En novembre, l’association Movember – contraction de moustache et november – nous invite à porter la moustache. L’objectif : une sensibilisation à grande échelle sur les questions de la santé masculine, dont on parle trop peu, visant à réduire le taux de décès prématurés des hommes. Décryptage par notre experte Parwa Mounoussamy, psychologue clinicienne spécialisée en psychologie interculturelle.
Quelle est ta lecture de cette actualité ?
Ce mouvement Movember nous rappelle la place importante occupée aujourd’hui par les associations, campagnes de sensibilisation et mouvements citoyens dans le domaine de la santé.
Le rapport au corps médical comme unique « expert sachant » a profondément changé depuis les années 80, notamment avec l’arrivée d’internet. Ceci est particulièrement vrai concernant les maladies chroniques car les personnes atteintes et leurs proches, souvent à l’origine de ces initiatives associatives, en ont une réelle connaissance par l’expérience. Pourtant, elles sont souvent les mieux placées pour soutenir et orienter les personnes atteintes de telles maladies chroniques… D’ailleurs, les institutions de santé n’hésitent pas à envoyer leurs patients vers ces associations qui peuvent les accompagner dans leur quotidien, avec un œil averti sur la réalité psycho-sociale de leur maladie.

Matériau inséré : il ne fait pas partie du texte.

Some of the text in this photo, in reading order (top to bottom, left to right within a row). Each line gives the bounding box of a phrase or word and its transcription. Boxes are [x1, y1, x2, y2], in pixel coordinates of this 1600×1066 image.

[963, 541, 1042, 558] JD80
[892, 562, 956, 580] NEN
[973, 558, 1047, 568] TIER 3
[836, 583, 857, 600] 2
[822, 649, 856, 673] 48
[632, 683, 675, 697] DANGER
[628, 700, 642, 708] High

Par ailleurs, les plus représentatives de ces associations sont invitées à discuter des avancées de la recherche et apporter leurs observations, font du lobbying auprès des groupements pharmaceutiques, jouent un rôle important sur le débat public et l’évolution de la prise en charge. Ainsi l’expertise santé se collectivise et se politise dans le bon sens du terme. La fondation Movember par exemple met en avant, dès les premières lignes de sa présentation, son refus de recevoir des financements gouvernementaux comme gage de la neutralité de son positionnement.
Quelles problématiques cela soulève t-il ? movember
Il s’agit ici d’une action qui vise spécifiquement le cancer de la prostate et des testicules, ainsi que la santé mentale et le risque suicidaire chez les hommes. Ces sujets sont restés longtemps tabou car ils touchent directement l’image de l’homme dans une virilité stéréotypée. L’initiative Movember a trouvé comment les aborder avec un positionnement frais, en s’appropriant un symbole de la masculinité – la moustache.

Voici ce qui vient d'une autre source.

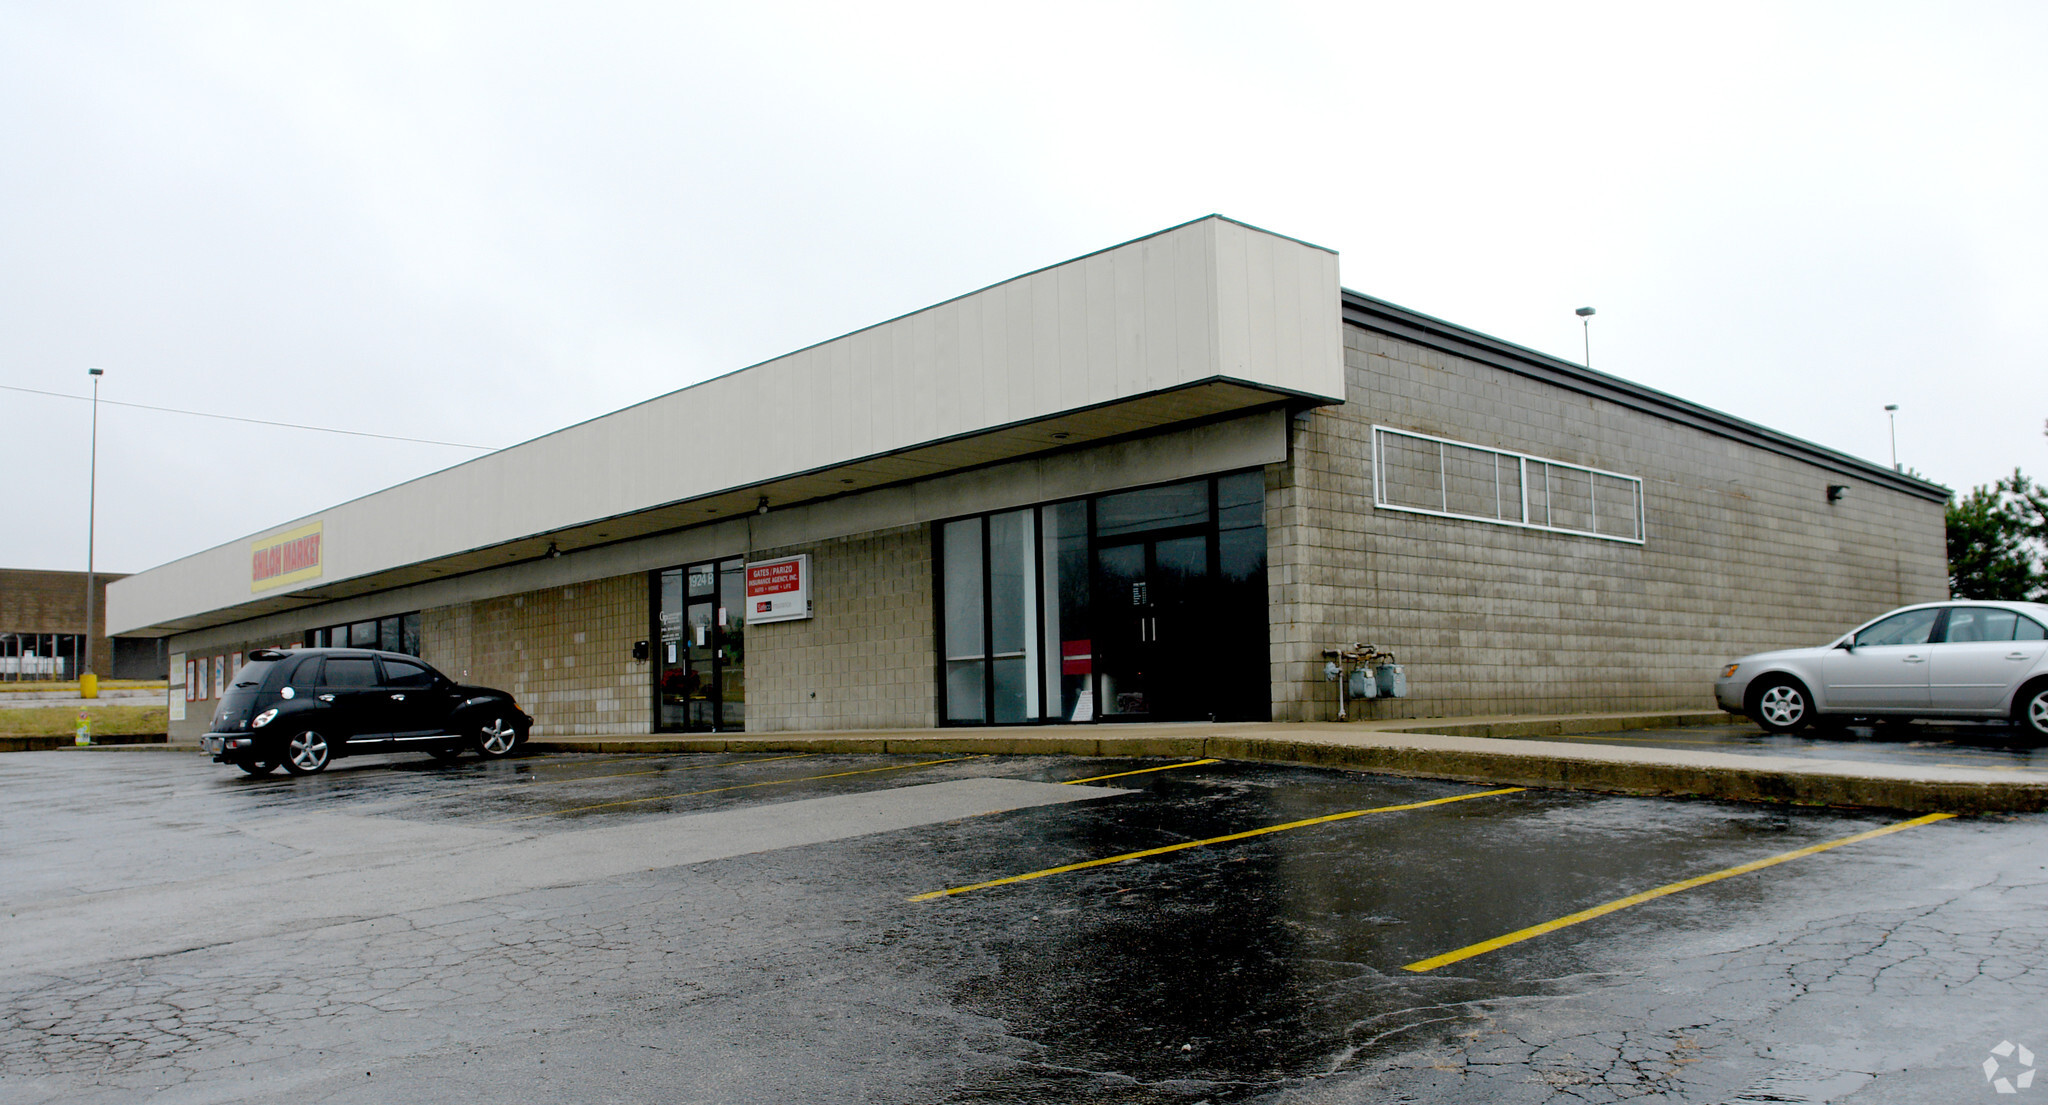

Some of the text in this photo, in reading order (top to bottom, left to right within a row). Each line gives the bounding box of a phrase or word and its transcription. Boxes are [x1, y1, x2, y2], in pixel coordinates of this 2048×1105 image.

[283, 531, 320, 574] MARKET
[753, 568, 769, 578] GATES
[689, 573, 714, 587] 1924 B
[748, 578, 771, 586] INSURANCE
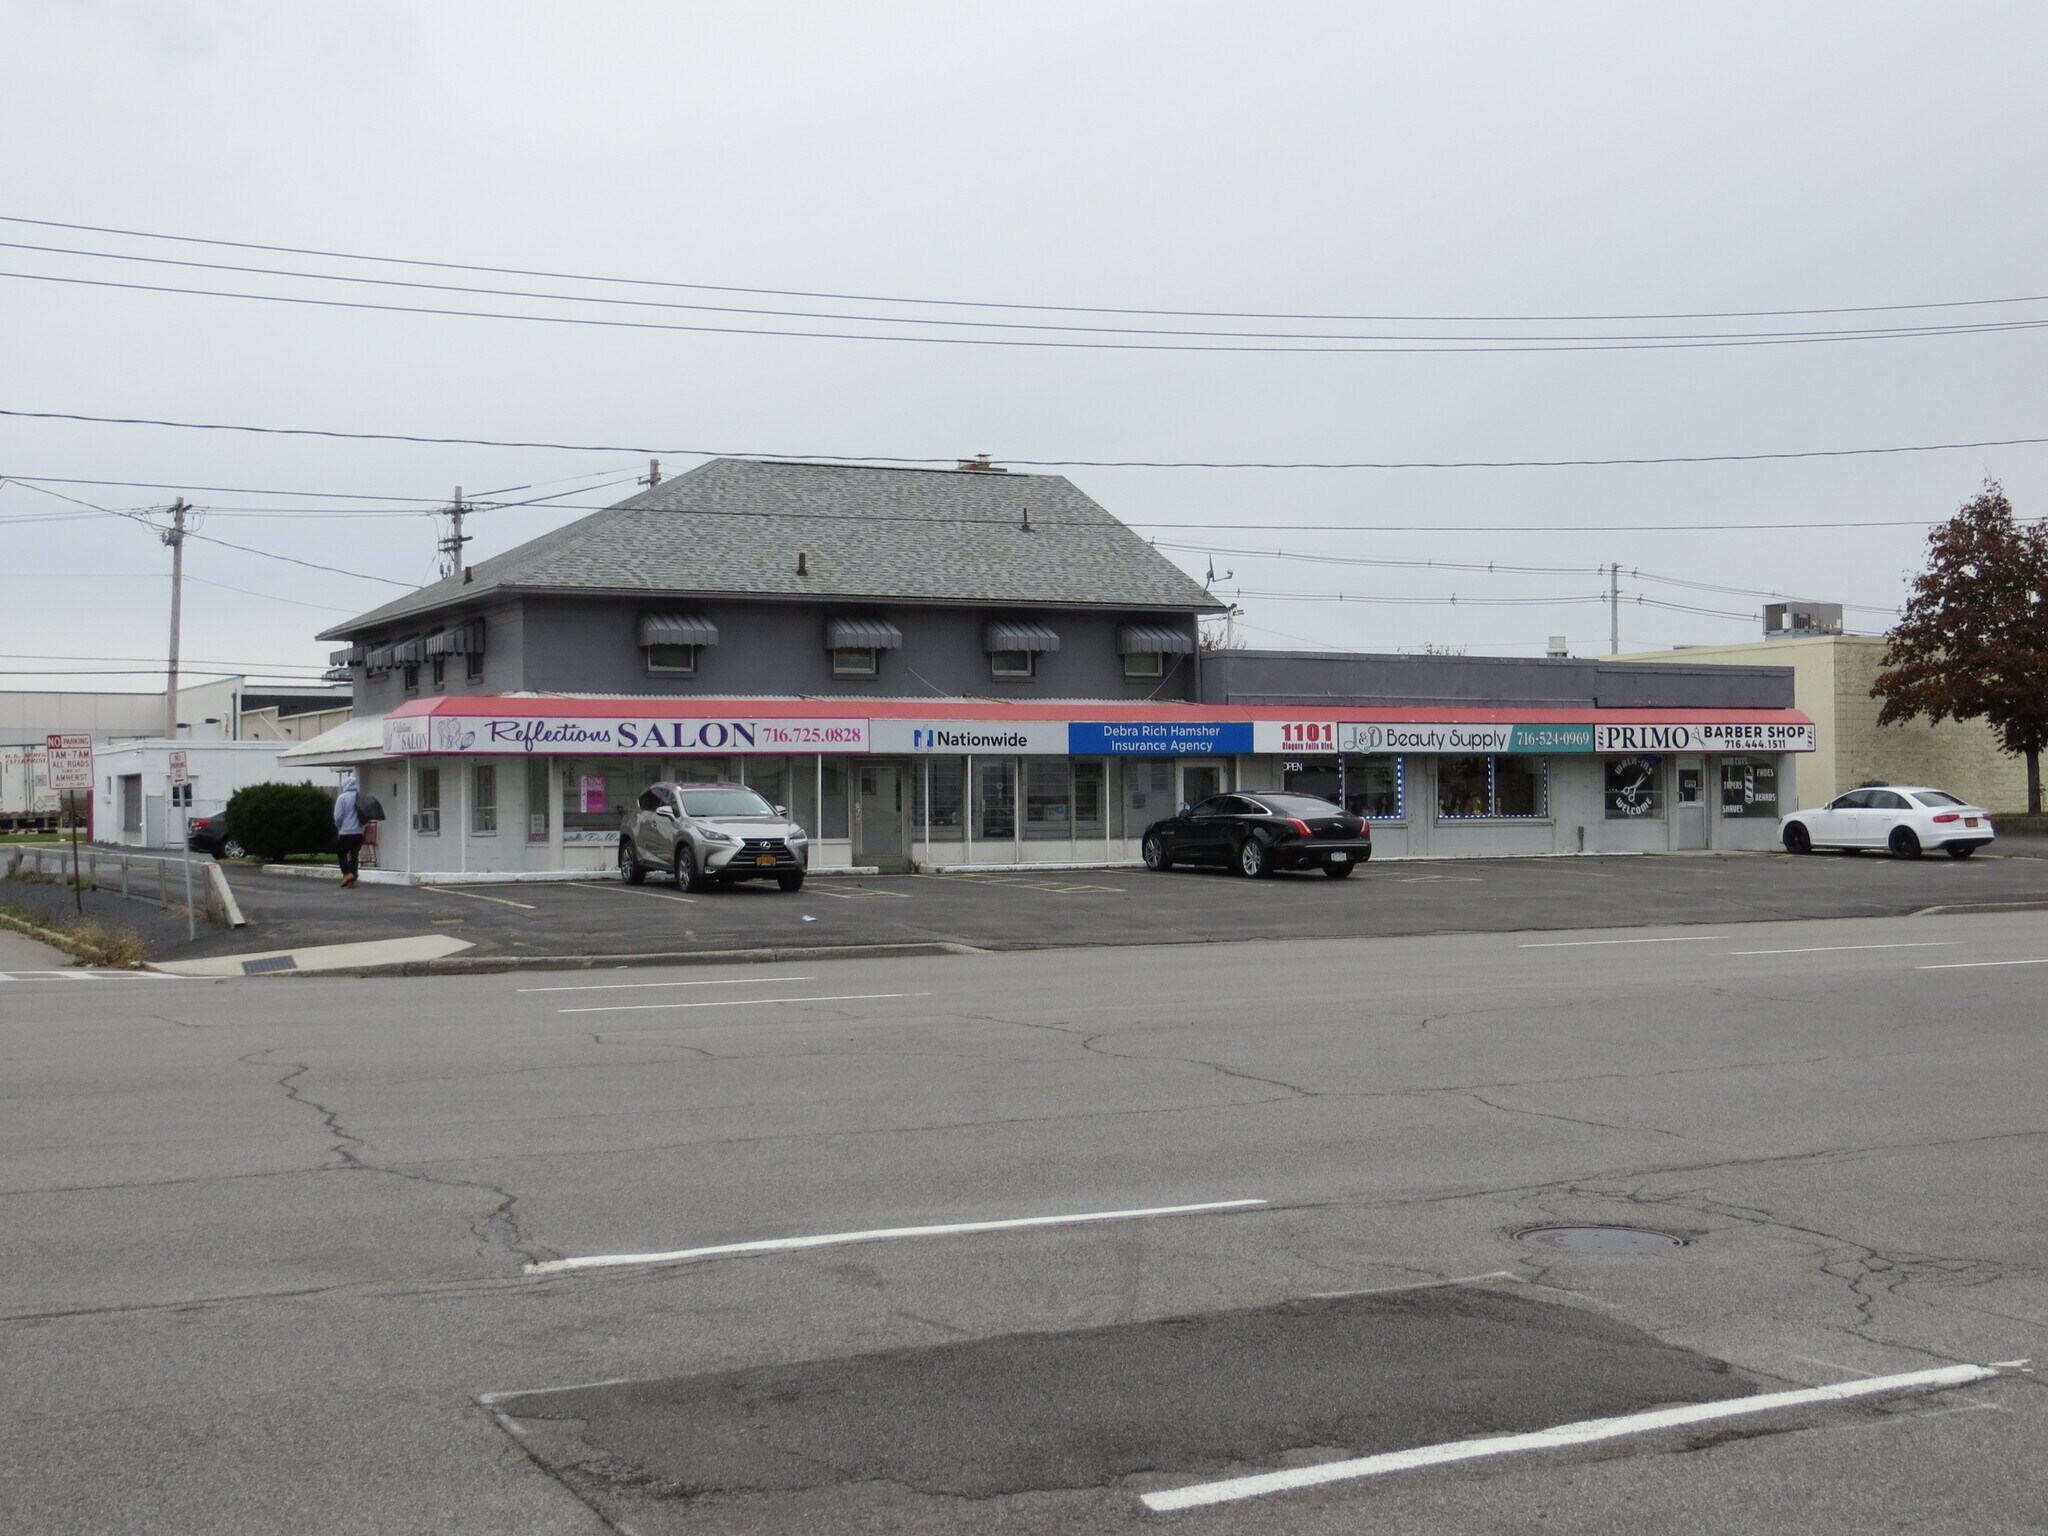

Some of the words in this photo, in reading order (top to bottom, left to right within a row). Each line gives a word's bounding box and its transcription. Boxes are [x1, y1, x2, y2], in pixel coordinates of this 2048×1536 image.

[484, 720, 611, 752] Reflections
[617, 722, 758, 748] SALON
[762, 728, 862, 743] 716.725.0828
[1103, 725, 1139, 737] Debra
[1142, 725, 1167, 737] Rich
[1169, 726, 1220, 737] Hamsher
[1281, 723, 1332, 742] 1101
[1704, 726, 1764, 738] BARBER
[1767, 726, 1806, 738] SHOP
[48, 736, 60, 748] NO
[63, 737, 89, 745] PARKING
[402, 732, 428, 750] SALON
[937, 731, 1028, 747] Nationwide
[1387, 729, 1445, 750] Beauty
[1450, 729, 1507, 750] Supply
[1606, 726, 1690, 749] PRIMO
[1111, 740, 1167, 751] Insurance
[1169, 740, 1213, 752] Agency
[1724, 740, 1786, 749] 716.444.1511
[67, 760, 90, 768] ROADS
[56, 774, 88, 782] AMHERST
[1757, 768, 1774, 777] FADES
[1723, 781, 1743, 789] TAPERS
[1755, 793, 1776, 801] BEARDS
[1615, 797, 1653, 816] WELCOME
[1722, 804, 1744, 813] SHAVES

C’est une action qui nous montre comment nous pouvons tous, par des gestes simples et à l’ère des réseaux sociaux, participer à la modification des représentations collectives autour de certaines maladies particulièrement stigmatisées. En s’autorisant à en parler, on en « apprivoise » l’image et on l’intègre dans notre réseau de représentations. Nous sommes donc mieux armés pour aborder le sujet plus confortablement et de façon plus respectueuse et empathique.

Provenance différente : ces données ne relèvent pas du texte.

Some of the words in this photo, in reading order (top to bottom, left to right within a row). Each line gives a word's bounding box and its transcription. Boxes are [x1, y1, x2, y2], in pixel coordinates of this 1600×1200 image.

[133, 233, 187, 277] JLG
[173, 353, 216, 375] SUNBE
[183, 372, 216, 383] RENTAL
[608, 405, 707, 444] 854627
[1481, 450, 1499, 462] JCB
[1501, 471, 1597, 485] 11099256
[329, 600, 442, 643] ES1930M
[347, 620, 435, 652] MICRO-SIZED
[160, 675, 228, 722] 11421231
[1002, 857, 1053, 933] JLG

Les questions de la santé mentale et prévention du suicide sont corrélées a toute maladie chronique, et la fondation Movember a bien compris l’enjeu en les mettant en avant au même titre que les pathologies du corps.
En quoi cela interpelle le monde de l’entreprise ? Movember
Les actions de sensibilisation relayées dans la sphère professionnelle permettent de réduire les peurs des collègues et/ou de la hiérarchie. Elles se destinent aussi à mettre en place des actions concrètes en mesure de soulager le quotidien d’un collaborateur ou d’une collaboratrice atteint·e par une maladie chronique.
- Au niveau managérial, l’idée est de développer une écoute empathique et un soutien si la personne se confie à son manager, ce qui permet de se sentir entouré et faire baisser la sensation de solitude. Il peut aussi s’agir d’aménager le temps ou poste de travail pendant le parcours de soin de la maladie en dehors des temps d’arrêt.
- Au niveau RH, ces initiatives visent à améliorer l’accompagnement, que ce soit dans le cadre d’un retour au travail après un arrêt de longue durée ou pour le maintien dans l’emploi de façon générale. Les actions de sensibilisation permettent aussi d’éviter les problématiques de discrimination en lien avec la maladie et son parcours de soin.